Das Bundesamt für Verfassungsschutz stuft die Alternative für Deutschland als eine bestätigte rechtsextremistische Bestrebung ein.

Das AfD-Gutachten des Verfassungsschutzes wurde von Medien veröffentlicht. Der Nachrichtendienst hätte das besser gleich selbst erledigen sollen. Damit hätte er Vertrauen in seine Arbeit schaffen können, meint Felix Huesmann.

Nun kann es jeder lesen: Das Magazin „Cicero“ und das rechtspopulistische Onlineportal Nius haben eine vollständige Kopie des AfD-Gutachtens des Bundesamtes für Verfassungsschutz (BfV) veröffentlicht. 1108 Seiten, auf denen der Nachrichtendienst die Entwicklung der AfD seit 2021 nachzeichnet und zu dem Schluss kommt: Diese Partei ist „gesichert rechtsextremistisch“.

Es ist gut, dass das Gutachten jetzt in Gänze öffentlich ist. Es ist zu begrüßen, dass sich jeder und jede Interessierte ein Bild davon machen kann, wie die AfD tickt und worauf genau der Verfassungsschutz sein Urteil stützt.
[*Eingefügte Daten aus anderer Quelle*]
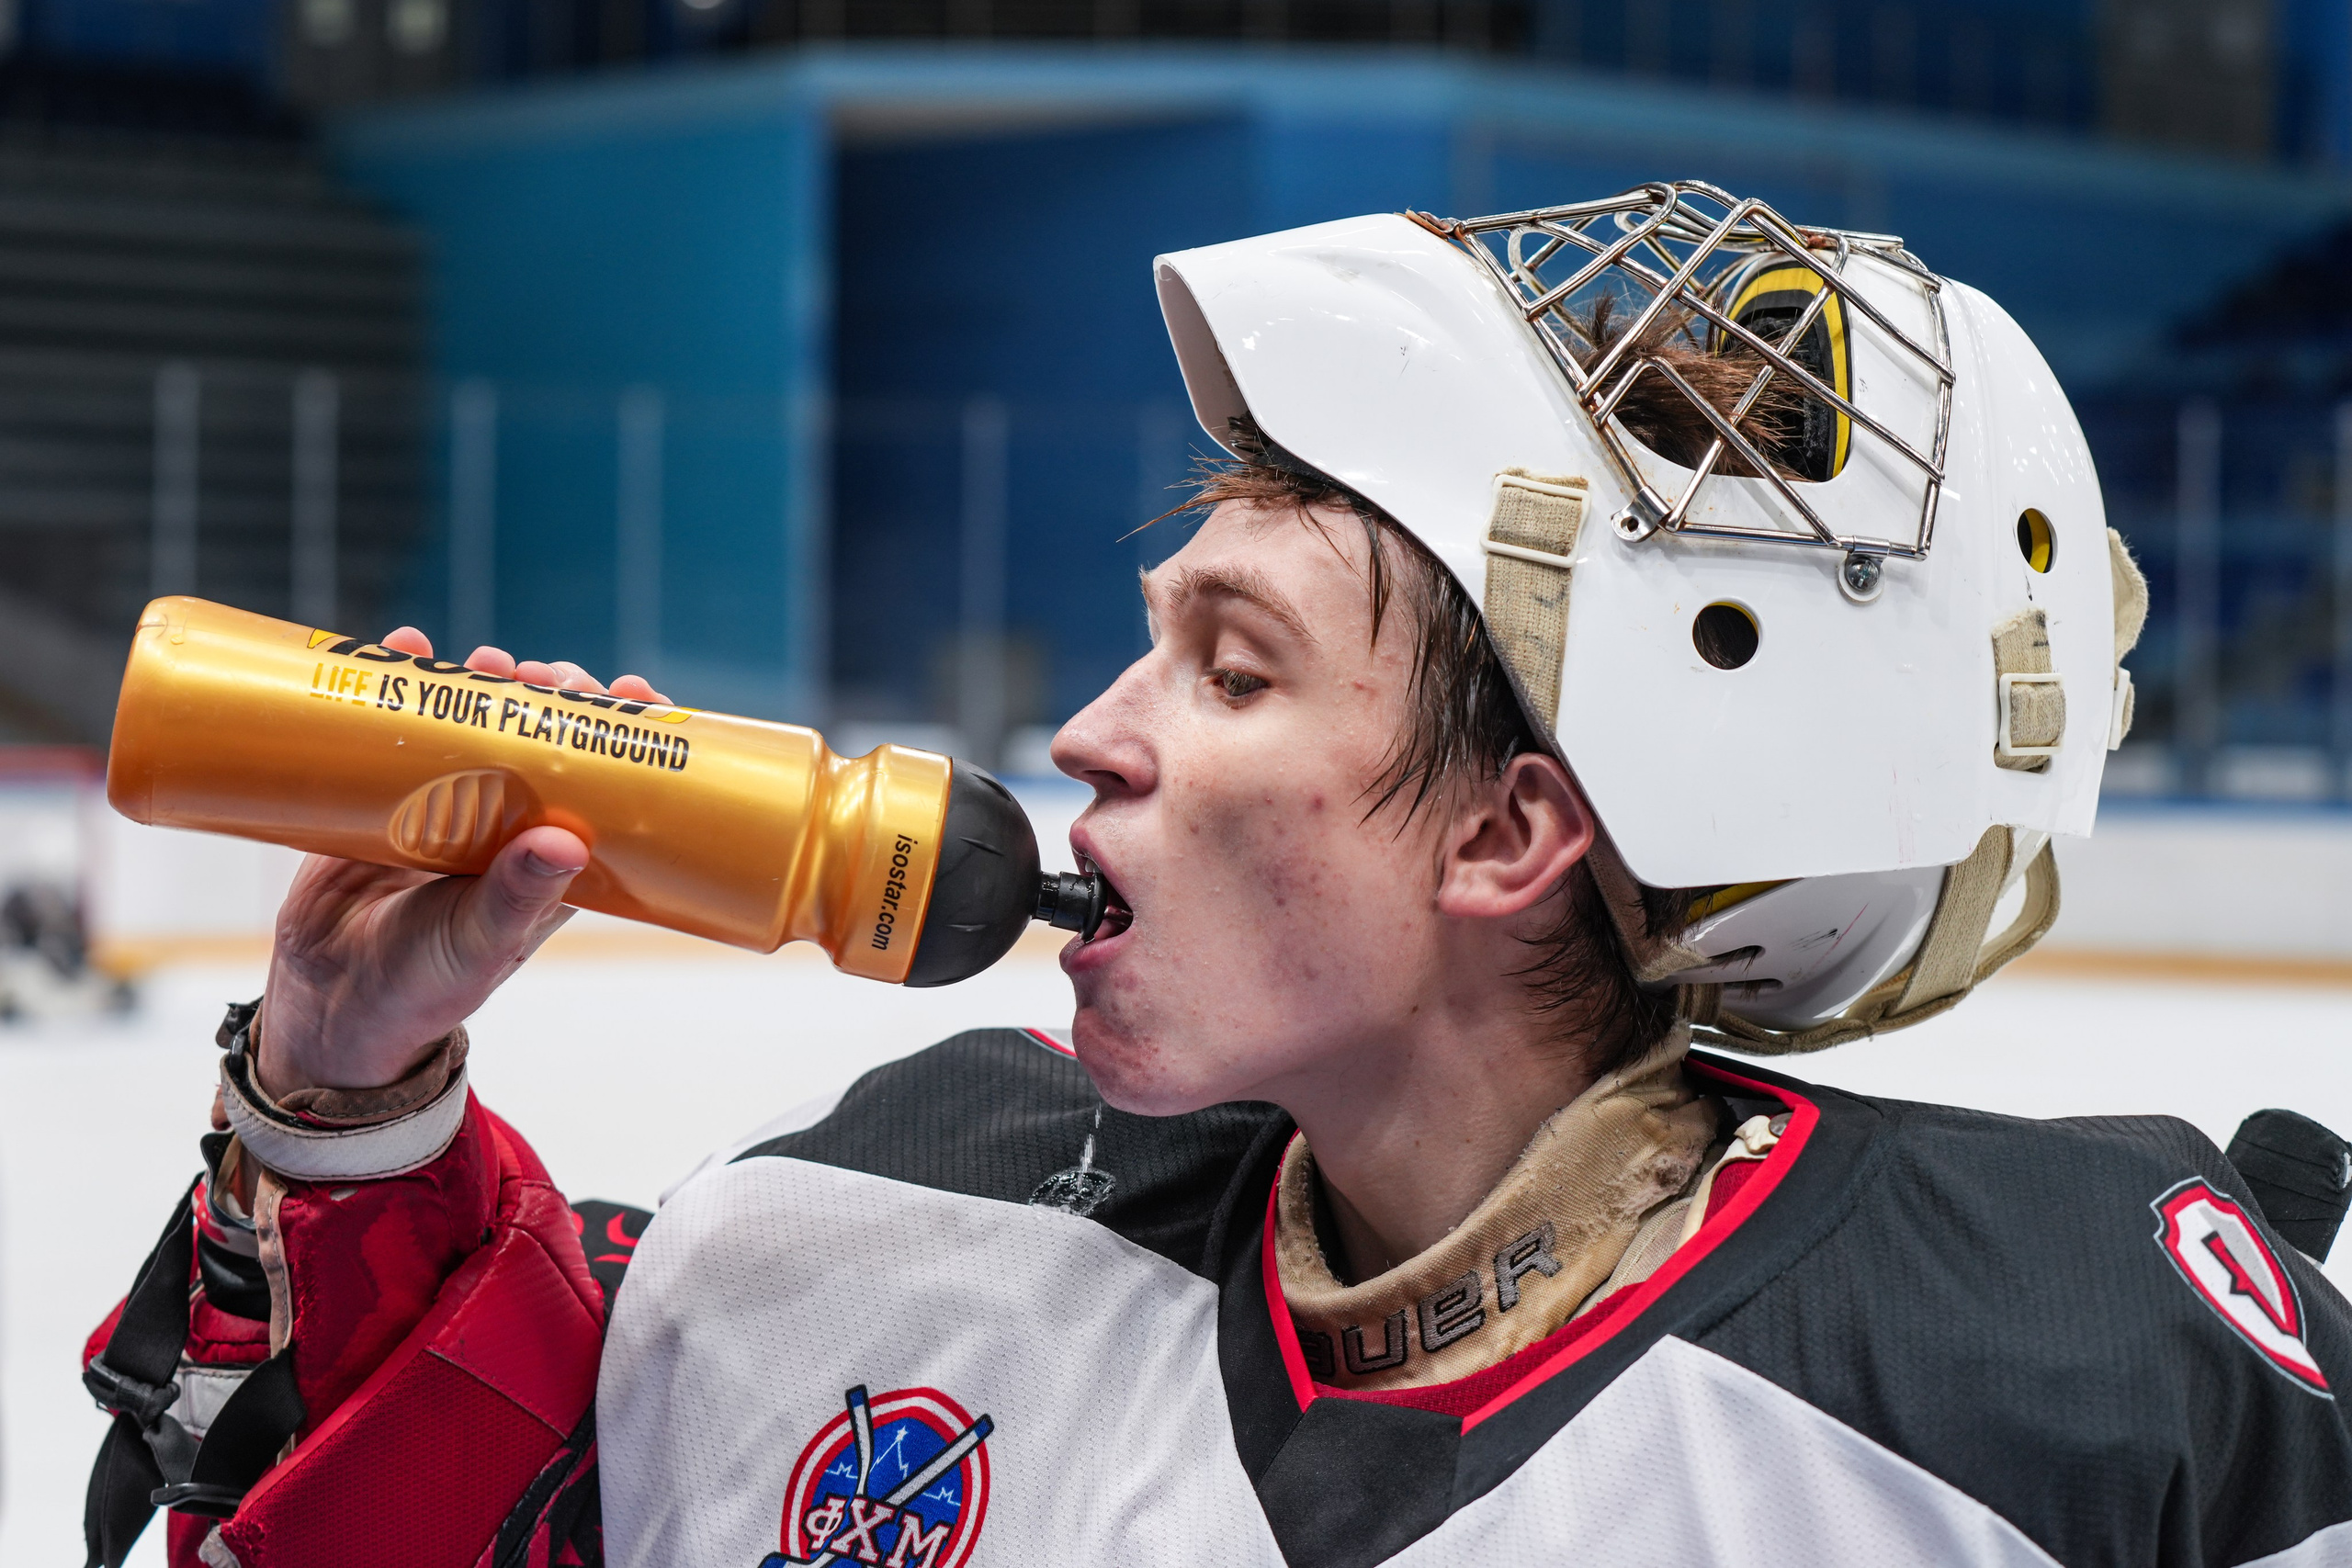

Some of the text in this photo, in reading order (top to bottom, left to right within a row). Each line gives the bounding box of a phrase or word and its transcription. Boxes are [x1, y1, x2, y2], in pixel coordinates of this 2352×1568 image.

[310, 662, 689, 772] LIFE IS YOUR PLAYGROUND
[871, 834, 918, 950] isostar.com
Quellenschutz kann kein Argument sein

Schlecht ist hingegen, dass das Bundesamt für Verfassungsschutz und das ihm übergeordnete Bundesinnenministerium das Gutachten nicht selbst veröffentlicht haben. Das wäre eine gute Gelegenheit für Transparenz gewesen und eine Entscheidung, die geeignet ist, Vertrauen in die Arbeit des Nachrichtendienstes zu schaffen. Mit Quellenschutz lässt sich schlecht dagegen argumentieren: Das Gutachten bezieht sich nicht auf Erkenntnisse aus Abhörmaßnahmen oder von verdeckten Ermittlern und V-Leuten. Die Belege für die verfassungsfeindliche Haltung der AfD stammen wie erwartet aus öffentlichen Reden, Interviews oder Social-Media-Posts führender AfD-Politiker und Parteigliederungen. Lediglich hätten einzelne Stellen gegebenenfalls geschwärzt werden müssen. Das Gutachten nennt vereinzelt auch einfache Parteimitglieder namentlich – in diesen Fällen könnte das Persönlichkeitsrecht der Veröffentlichung im Wege stehen.
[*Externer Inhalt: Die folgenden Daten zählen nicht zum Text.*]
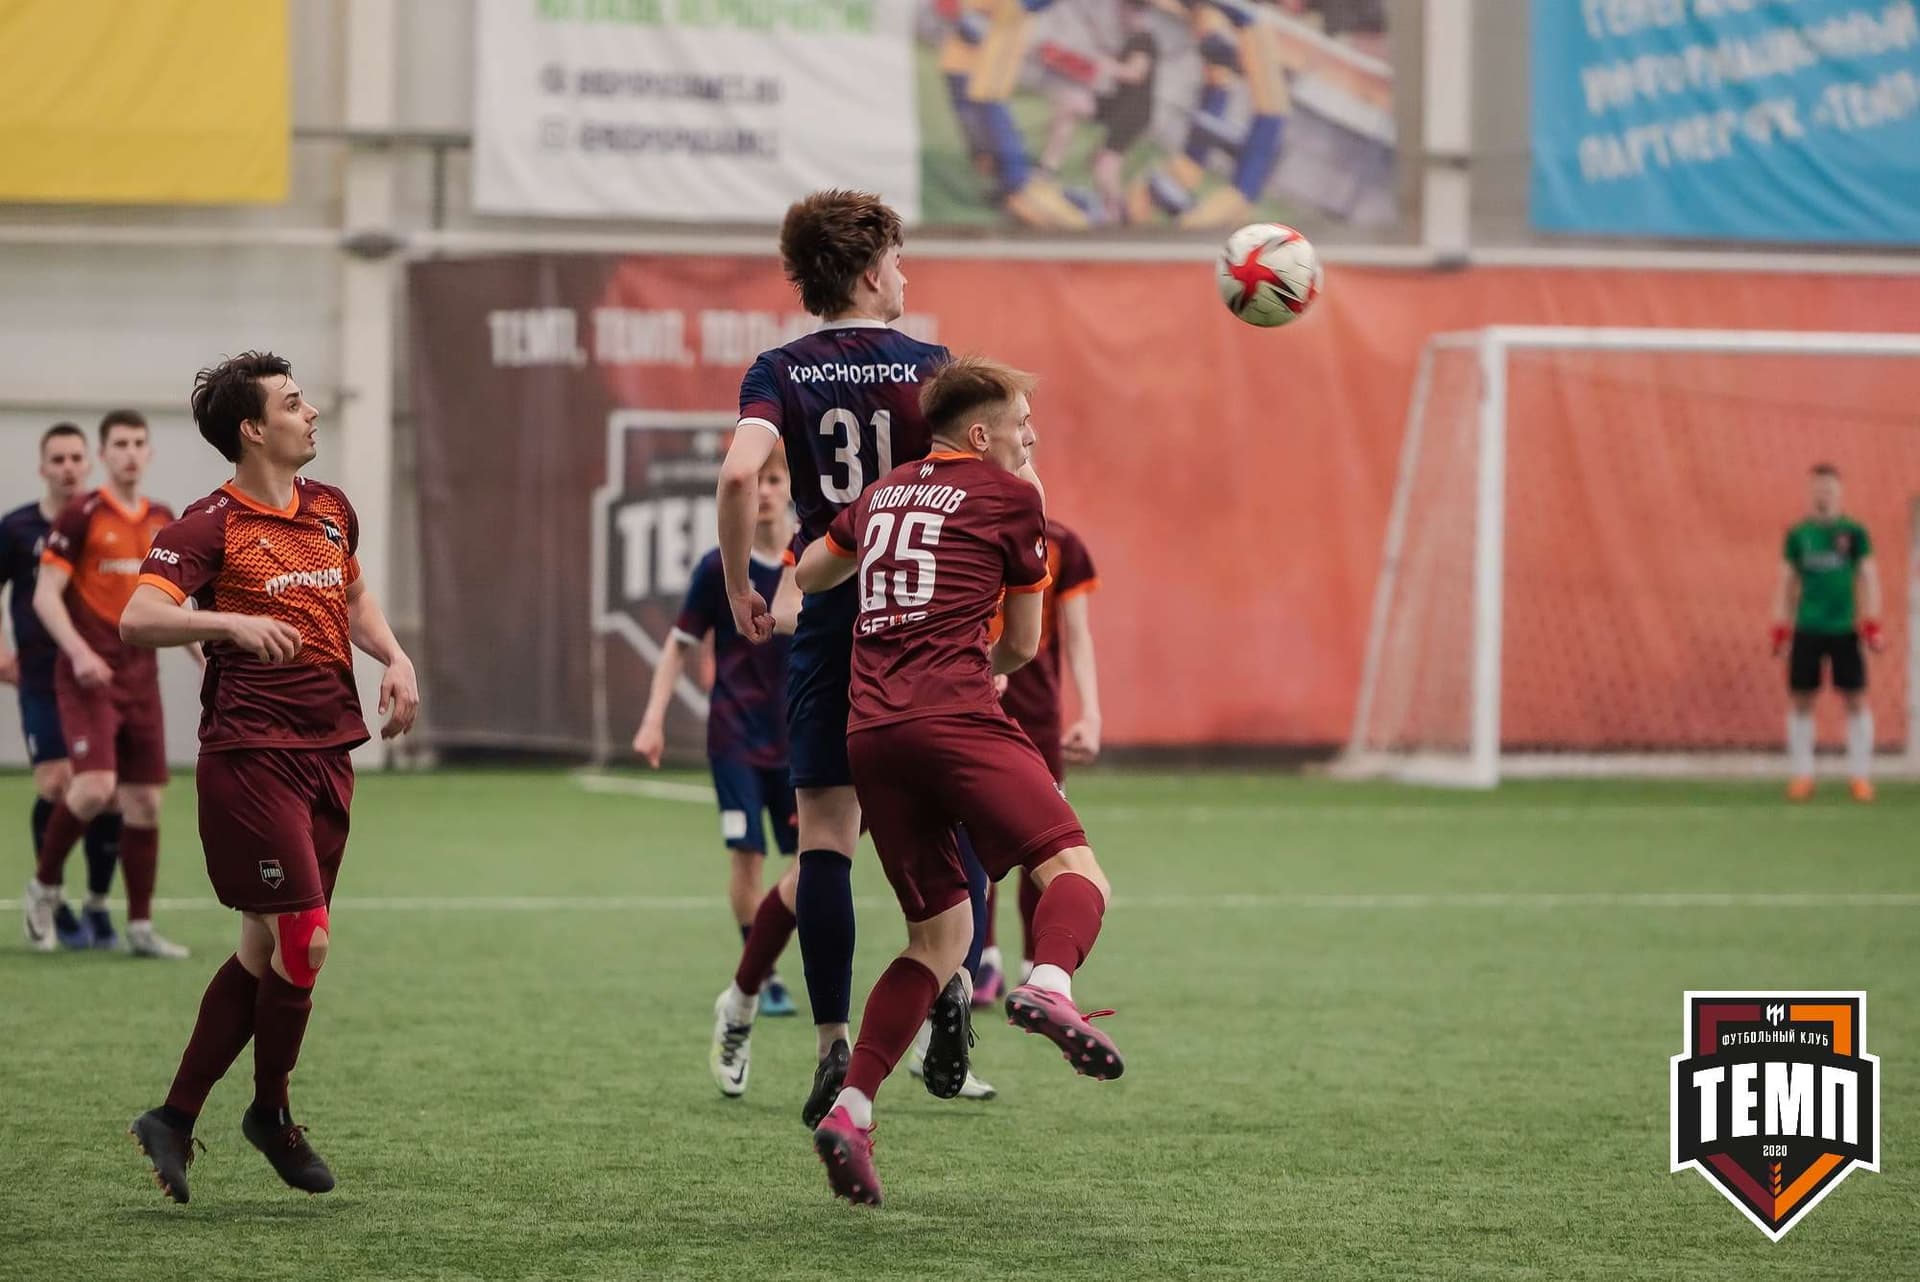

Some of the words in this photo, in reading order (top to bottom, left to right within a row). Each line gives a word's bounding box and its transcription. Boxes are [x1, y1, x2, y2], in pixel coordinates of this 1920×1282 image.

[788, 362, 918, 385] КРАСНОЯРСК
[818, 407, 892, 504] 31
[868, 485, 966, 513] НОВИЧКОВ
[149, 547, 180, 565] ПСБ
[859, 511, 945, 614] 25
Die Argumentation des Verfassungsschutzes zur Hochstufung der AfD hat Hand und Fuß. Doch das BfV ist nun in einer misslichen Lage: Das von ihm unter Verschluss gehaltene Gutachten ist jetzt nicht nur öffentlich, sondern auch Gegenstand einer kontroversen Debatte. Kritiker der AfD-Beobachtung greifen einzelne Abschnitte heraus, um die Bewertung durch den Verfassungsschutz in Zweifel und ins Lächerliche zu ziehen.
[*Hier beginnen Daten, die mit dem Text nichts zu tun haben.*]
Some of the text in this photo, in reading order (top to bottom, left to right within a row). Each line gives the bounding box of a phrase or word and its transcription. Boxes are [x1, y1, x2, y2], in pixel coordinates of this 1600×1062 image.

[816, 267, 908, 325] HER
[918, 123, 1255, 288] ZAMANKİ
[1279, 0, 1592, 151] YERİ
Das BfV ist nun in einer misslichen Lage

Das Bundesamt ist nun aber kein öffentlicher Teil dieser Debatte mehr. Es darf sich dazu bis auf Weiteres nicht äußern, weil es dem Verwaltungsgericht Köln gegenüber eine Stillhaltezusage abgegeben hat. Damit verpflichtet sich der Nachrichtendienst, die Einstufung der AfD als „gesichert rechtsextremistisch“ bis zu einer Entscheidung über die Eilklage der Partei zunächst auszusetzen – und sie auch nicht öffentlich so zu bezeichnen. Eine Aussage über die Rechtmäßigkeit der Hochstufung und die Klagechancen der AfD ist damit nicht getroffen – auch wenn die AfD und ihre Anwälte so tun, als wäre das Gegenteil der Fall.